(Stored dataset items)
= = = = = = =

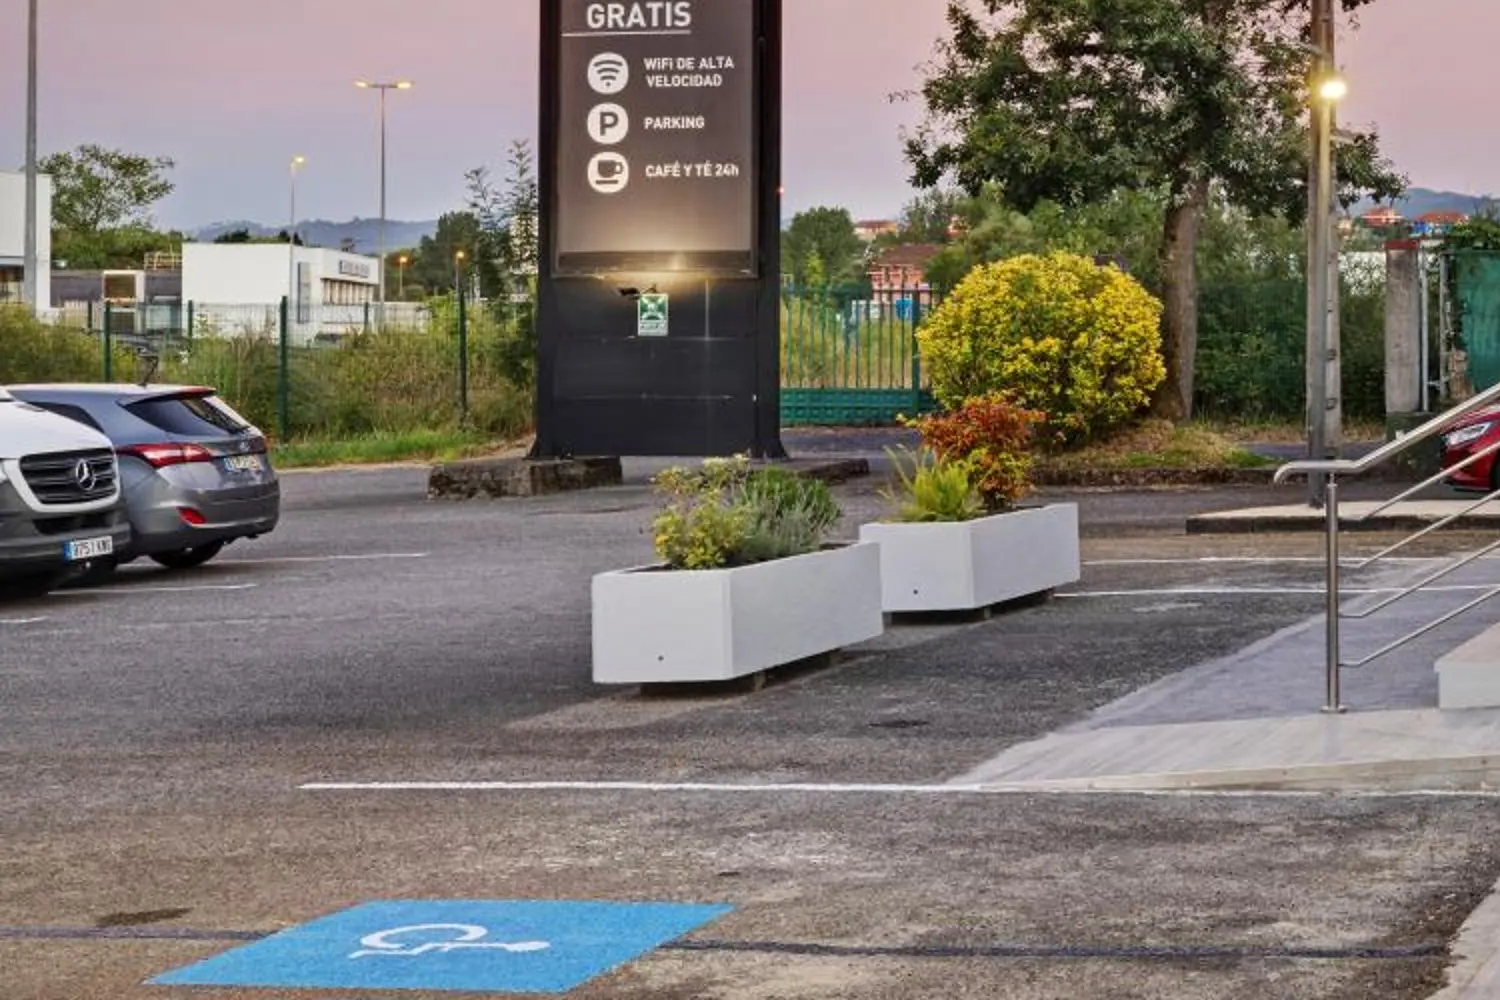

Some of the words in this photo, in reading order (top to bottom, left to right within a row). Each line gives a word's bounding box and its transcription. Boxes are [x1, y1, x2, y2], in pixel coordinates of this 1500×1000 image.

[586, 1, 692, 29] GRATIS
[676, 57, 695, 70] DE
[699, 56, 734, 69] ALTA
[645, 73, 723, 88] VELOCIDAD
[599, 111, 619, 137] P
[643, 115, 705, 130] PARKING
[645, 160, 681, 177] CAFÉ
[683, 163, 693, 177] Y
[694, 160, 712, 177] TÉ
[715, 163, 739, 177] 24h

= = = = = = =

== Instructions to follow ==
Before printing the records again, strip out the pictures; change nothing else.

== Answer area ==
Some of the words in this photo, in reading order (top to bottom, left to right within a row). Each line gives a word's bounding box and its transcription. Boxes are [x1, y1, x2, y2], in pixel coordinates of this 1500×1000 image.

[586, 1, 692, 29] GRATIS
[676, 57, 695, 70] DE
[699, 56, 734, 69] ALTA
[645, 73, 723, 88] VELOCIDAD
[599, 111, 619, 137] P
[643, 115, 705, 130] PARKING
[645, 160, 681, 177] CAFÉ
[683, 163, 693, 177] Y
[694, 160, 712, 177] TÉ
[715, 163, 739, 177] 24h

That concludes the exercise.